**What is expected:** Every single record needs to be restated word for word.

**Source data:**

*** Block opens ***

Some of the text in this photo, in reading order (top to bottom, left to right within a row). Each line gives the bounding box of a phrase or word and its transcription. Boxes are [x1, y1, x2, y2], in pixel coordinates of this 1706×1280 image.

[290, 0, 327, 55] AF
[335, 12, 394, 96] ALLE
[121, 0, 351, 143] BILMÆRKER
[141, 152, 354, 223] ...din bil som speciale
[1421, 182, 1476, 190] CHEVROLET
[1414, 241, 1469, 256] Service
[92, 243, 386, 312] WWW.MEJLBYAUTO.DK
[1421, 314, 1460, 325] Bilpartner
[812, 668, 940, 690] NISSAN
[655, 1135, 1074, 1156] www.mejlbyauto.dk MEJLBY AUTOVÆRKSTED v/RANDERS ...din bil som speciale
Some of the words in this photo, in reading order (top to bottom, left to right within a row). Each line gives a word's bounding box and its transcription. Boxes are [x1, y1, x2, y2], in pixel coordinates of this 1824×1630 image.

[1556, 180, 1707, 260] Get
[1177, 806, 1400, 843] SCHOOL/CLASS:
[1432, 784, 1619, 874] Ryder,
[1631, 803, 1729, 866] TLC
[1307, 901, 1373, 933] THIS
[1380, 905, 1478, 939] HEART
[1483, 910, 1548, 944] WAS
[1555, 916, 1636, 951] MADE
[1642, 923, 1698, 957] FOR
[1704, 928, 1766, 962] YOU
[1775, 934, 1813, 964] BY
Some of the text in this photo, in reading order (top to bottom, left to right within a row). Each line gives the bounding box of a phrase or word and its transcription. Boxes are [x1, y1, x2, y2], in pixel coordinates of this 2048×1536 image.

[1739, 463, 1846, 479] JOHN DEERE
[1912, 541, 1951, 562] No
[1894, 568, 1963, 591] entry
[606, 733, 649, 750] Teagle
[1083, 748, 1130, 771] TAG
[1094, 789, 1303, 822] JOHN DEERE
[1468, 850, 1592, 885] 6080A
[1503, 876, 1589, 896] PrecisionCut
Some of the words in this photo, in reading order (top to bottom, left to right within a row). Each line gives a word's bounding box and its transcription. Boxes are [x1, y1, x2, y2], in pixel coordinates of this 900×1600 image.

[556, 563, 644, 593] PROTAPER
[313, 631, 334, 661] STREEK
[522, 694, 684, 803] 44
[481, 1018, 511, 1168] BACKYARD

*** Block closes ***

**Solution:**
Some of the text in this photo, in reading order (top to bottom, left to right within a row). Each line gives the bounding box of a phrase or word and its transcription. Boxes are [x1, y1, x2, y2], in pixel coordinates of this 1706×1280 image.

[290, 0, 327, 55] AF
[335, 12, 394, 96] ALLE
[121, 0, 351, 143] BILMÆRKER
[141, 152, 354, 223] ...din bil som speciale
[1421, 182, 1476, 190] CHEVROLET
[1414, 241, 1469, 256] Service
[92, 243, 386, 312] WWW.MEJLBYAUTO.DK
[1421, 314, 1460, 325] Bilpartner
[812, 668, 940, 690] NISSAN
[655, 1135, 1074, 1156] www.mejlbyauto.dk MEJLBY AUTOVÆRKSTED v/RANDERS ...din bil som speciale
Some of the words in this photo, in reading order (top to bottom, left to right within a row). Each line gives a word's bounding box and its transcription. Boxes are [x1, y1, x2, y2], in pixel coordinates of this 1824×1630 image.

[1556, 180, 1707, 260] Get
[1177, 806, 1400, 843] SCHOOL/CLASS:
[1432, 784, 1619, 874] Ryder,
[1631, 803, 1729, 866] TLC
[1307, 901, 1373, 933] THIS
[1380, 905, 1478, 939] HEART
[1483, 910, 1548, 944] WAS
[1555, 916, 1636, 951] MADE
[1642, 923, 1698, 957] FOR
[1704, 928, 1766, 962] YOU
[1775, 934, 1813, 964] BY
Some of the text in this photo, in reading order (top to bottom, left to right within a row). Each line gives the bounding box of a phrase or word and its transcription. Boxes are [x1, y1, x2, y2], in pixel coordinates of this 2048×1536 image.

[1739, 463, 1846, 479] JOHN DEERE
[1912, 541, 1951, 562] No
[1894, 568, 1963, 591] entry
[606, 733, 649, 750] Teagle
[1083, 748, 1130, 771] TAG
[1094, 789, 1303, 822] JOHN DEERE
[1468, 850, 1592, 885] 6080A
[1503, 876, 1589, 896] PrecisionCut
Some of the words in this photo, in reading order (top to bottom, left to right within a row). Each line gives a word's bounding box and its transcription. Boxes are [x1, y1, x2, y2], in pixel coordinates of this 900×1600 image.

[556, 563, 644, 593] PROTAPER
[313, 631, 334, 661] STREEK
[522, 694, 684, 803] 44
[481, 1018, 511, 1168] BACKYARD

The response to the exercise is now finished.